On 3/10/06, Nick Fitzsimons <nick@xxxxxxxxxxxxxx> wrote:
Karl Stubsjoen wrote:
I am an XSLT junky.. I get it. I also get C# and .NET, and I too was a EXTREMELY heavy ASP developer ( Ref: http://www.biglist.com/lists/xsl-list/archives/200309/msg00227.html )
This is mostly a shout out, and feel free to shout back.
Is there such sites dedicated to this approach? Oh, I should mention that, to qualify as a C# + 100% XSLT Processing member, you must vow to never NEVER use the .NET design UI. Strip it out! Lose the page wrapped in a FORM tag! Say goodbye to the calendar control! Besides you can write a better one with XSLT!
Karl..
At a previous job I got a good way through converting our existing CMS (ASP + XSLT) to this approach, but wasn't able to get it to a deployable state before business dried up and I was made redundant.

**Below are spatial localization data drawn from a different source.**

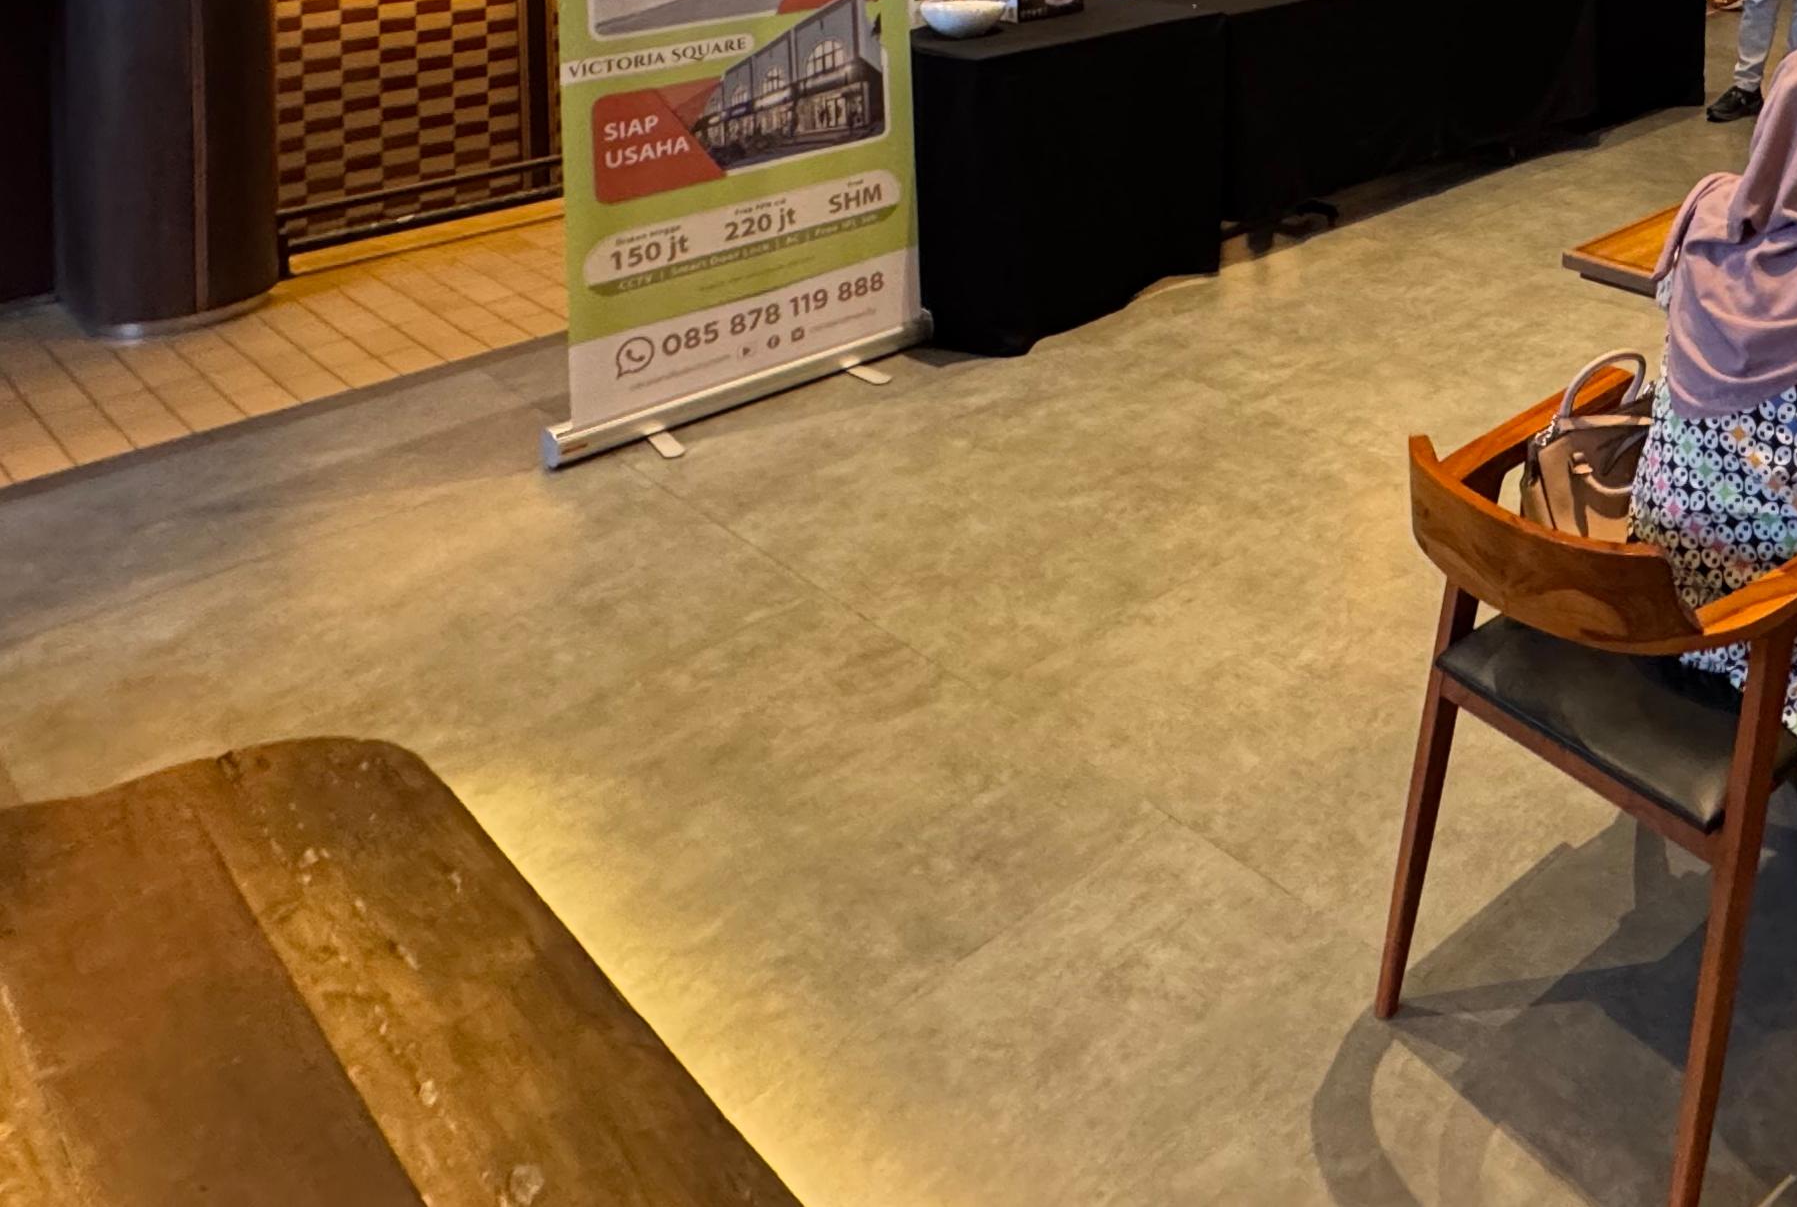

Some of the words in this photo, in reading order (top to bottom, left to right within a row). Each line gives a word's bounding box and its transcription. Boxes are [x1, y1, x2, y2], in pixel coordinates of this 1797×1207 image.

[568, 50, 665, 79] VICTORIA
[671, 37, 747, 62] SQUARE
[603, 115, 659, 142] SIAP
[605, 136, 690, 170] USAHA
[828, 183, 883, 215] SHM
[724, 214, 772, 241] 220
[777, 207, 797, 233] jt
[610, 241, 662, 271] 150
[667, 234, 689, 262] jt
[662, 321, 719, 357] 085
[730, 303, 782, 337] 878
[789, 287, 828, 319] 119
[838, 272, 884, 304] 888
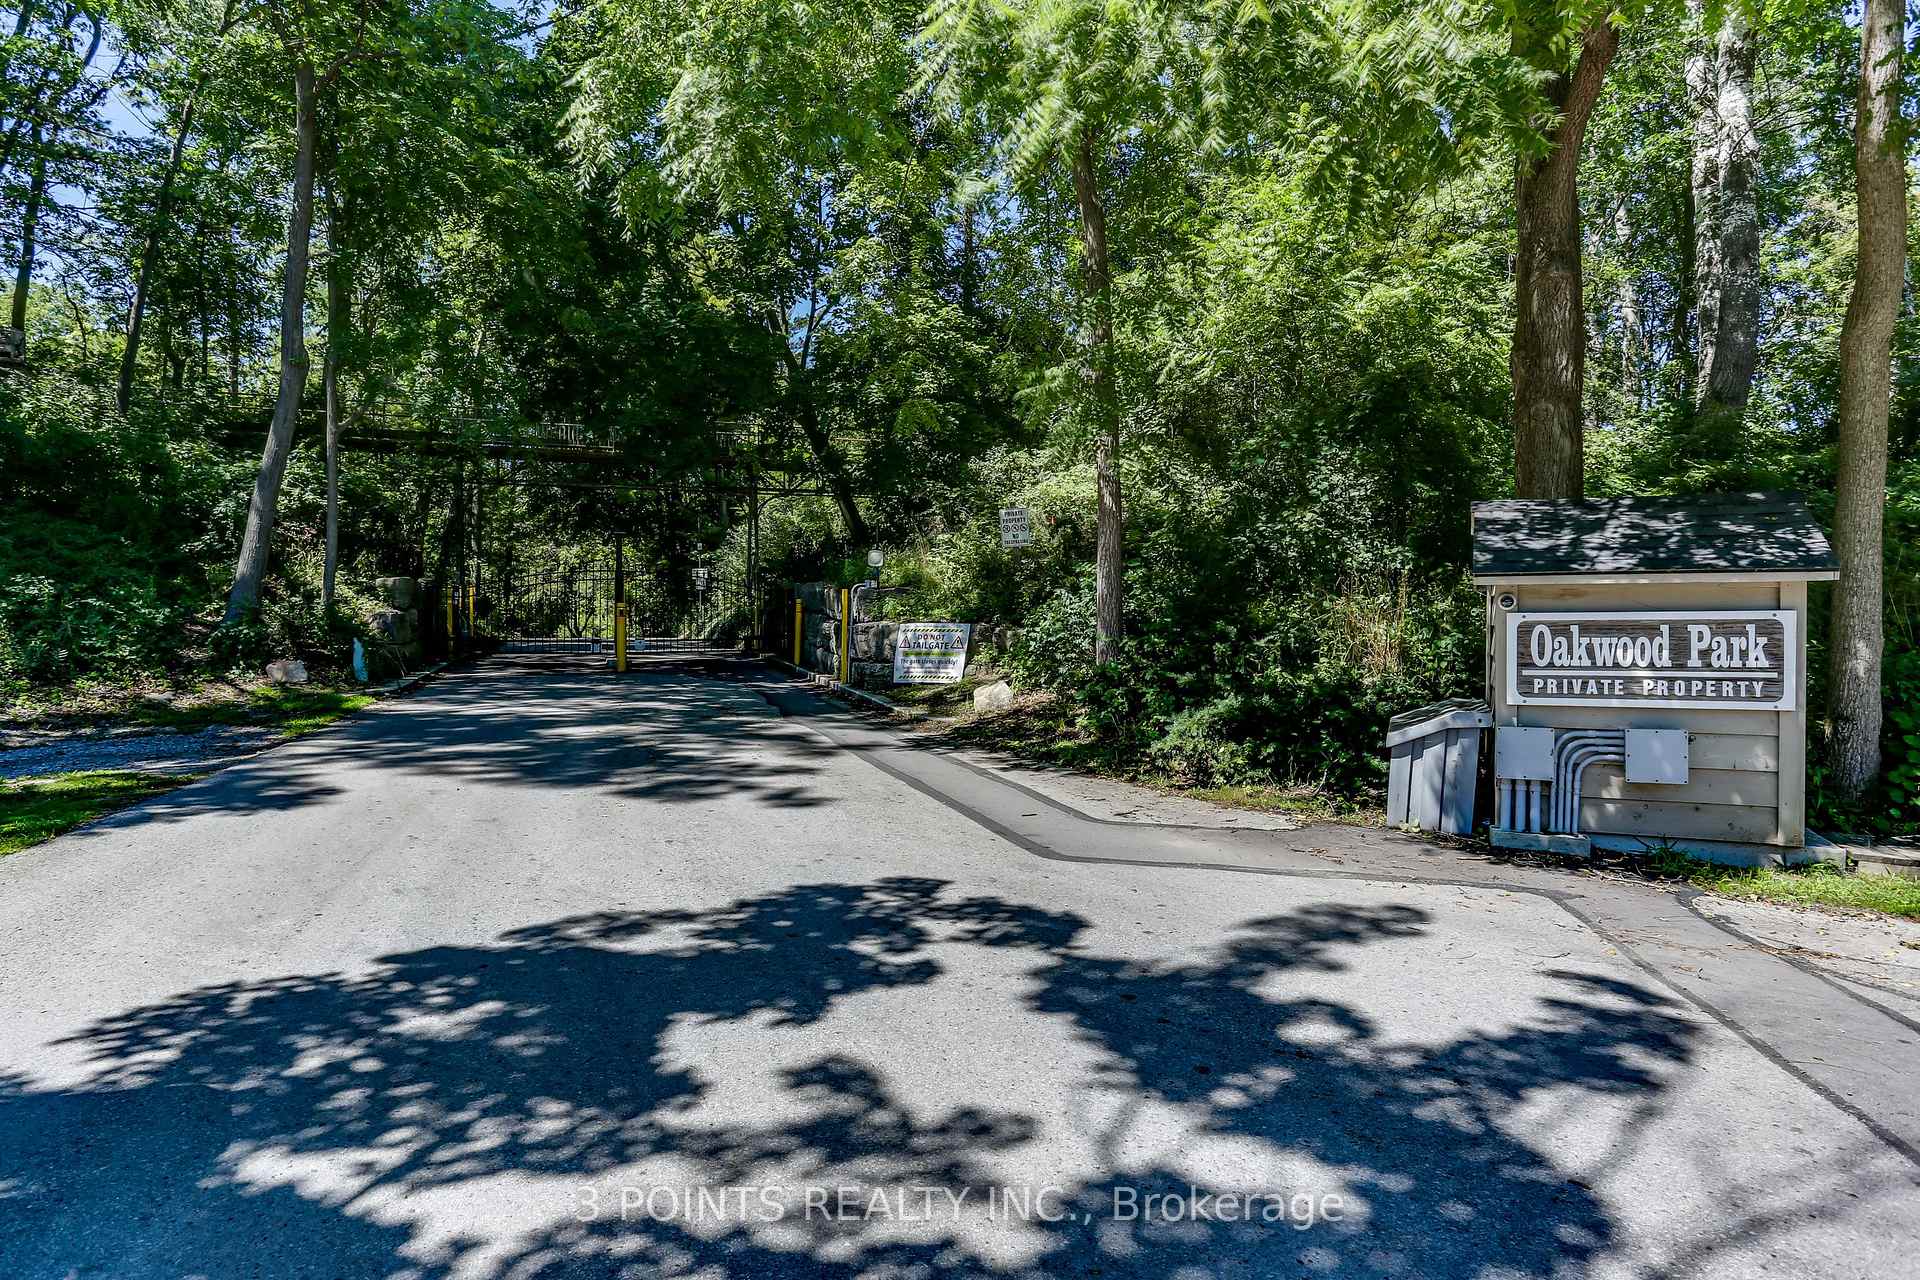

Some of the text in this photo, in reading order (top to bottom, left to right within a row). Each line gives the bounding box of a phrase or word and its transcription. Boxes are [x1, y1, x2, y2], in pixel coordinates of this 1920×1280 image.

[929, 633, 945, 641] NOT
[912, 641, 951, 650] TAILGATE
[1530, 624, 1770, 668] Oakwood Park
[1533, 678, 1765, 698] PRIVATE PROPERTY
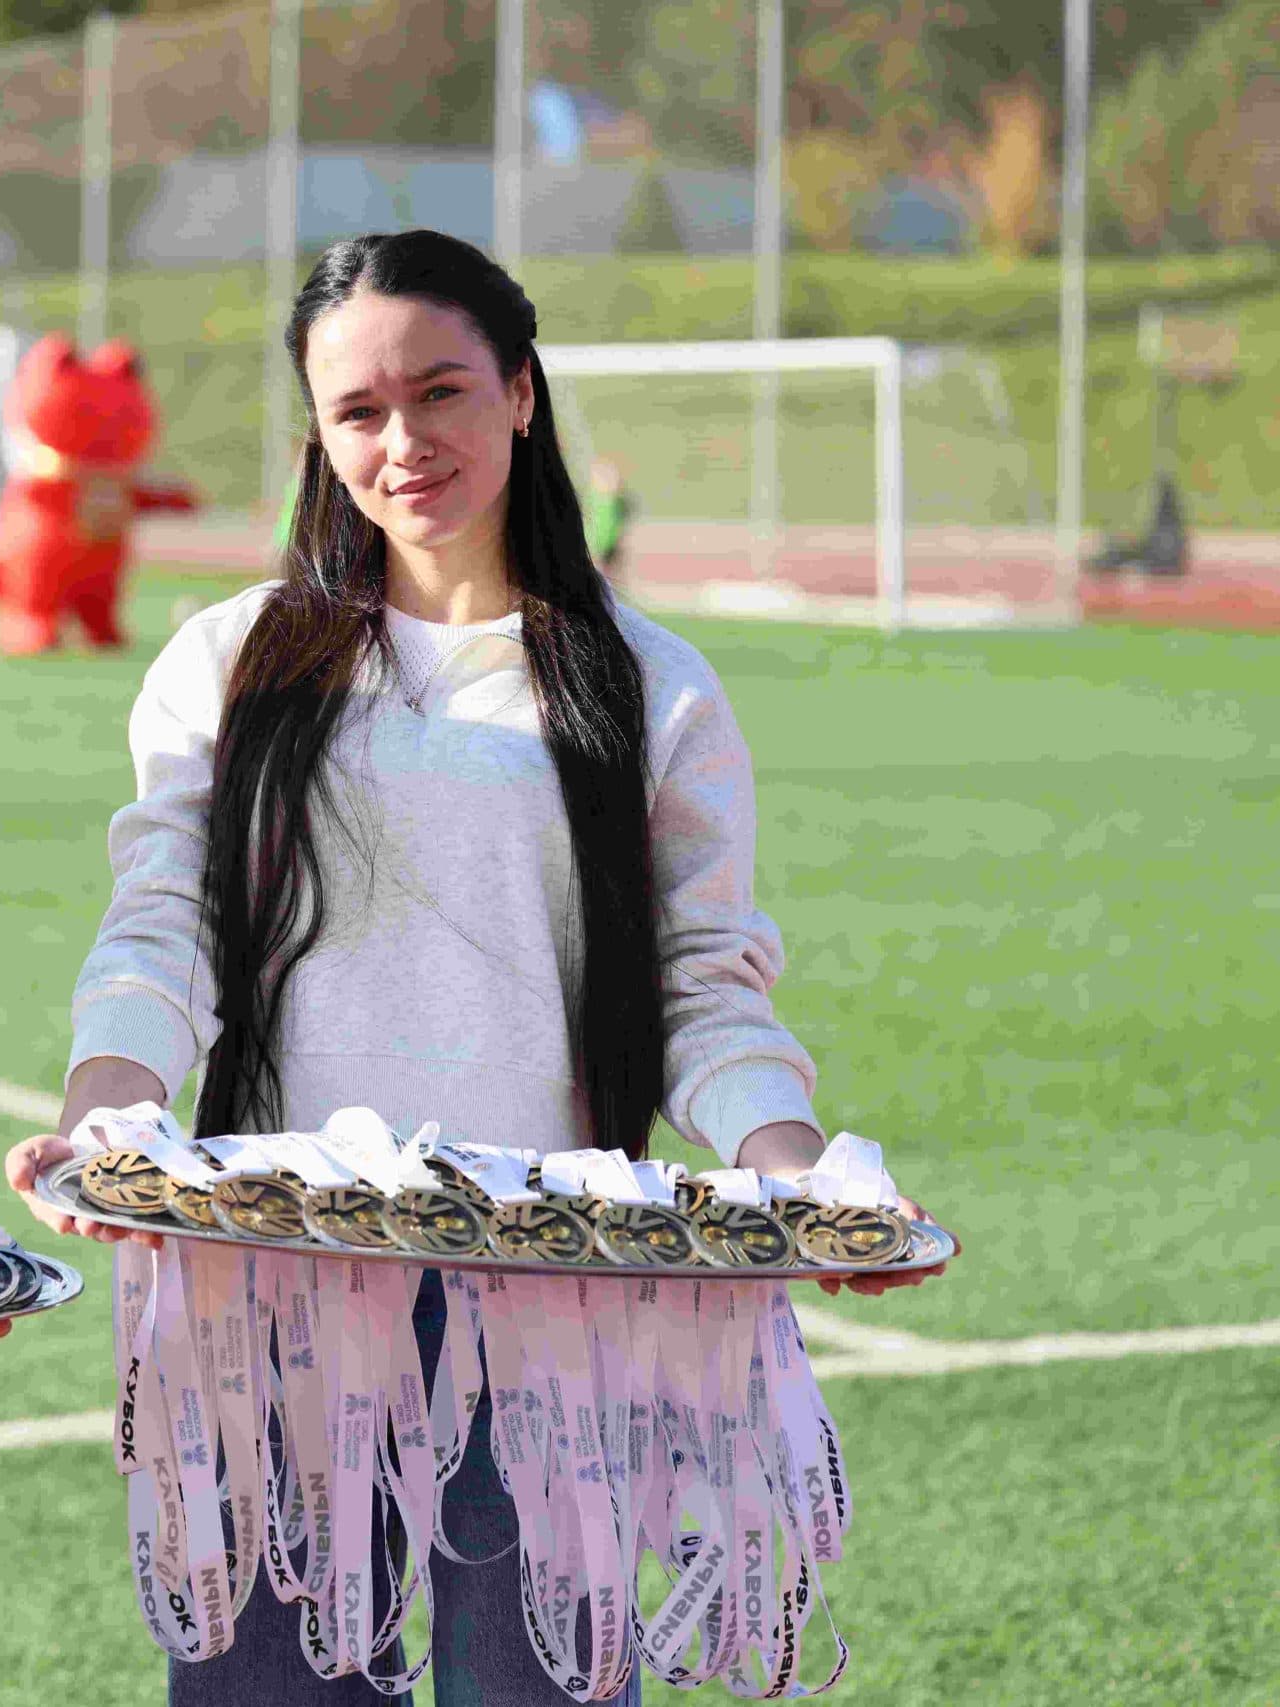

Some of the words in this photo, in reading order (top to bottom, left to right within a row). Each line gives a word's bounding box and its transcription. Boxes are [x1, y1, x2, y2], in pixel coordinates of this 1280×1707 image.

The approach I eventually settled on was to extend System.Web.IHttpHandler, thus ditching all presentational aspects of ASP.NET. It was a neat system and, if I get back into .NET stuff, I'll do the same again.
FWIW, the clients I'm curently working with are taking the same approach, but powered by the Java Servlet API. The architectural similarities to my system are interesting, given that their version 1 system (we're live with version 2 in a week) was created about 5 years ago. I suppose good ideas never go out of fashion.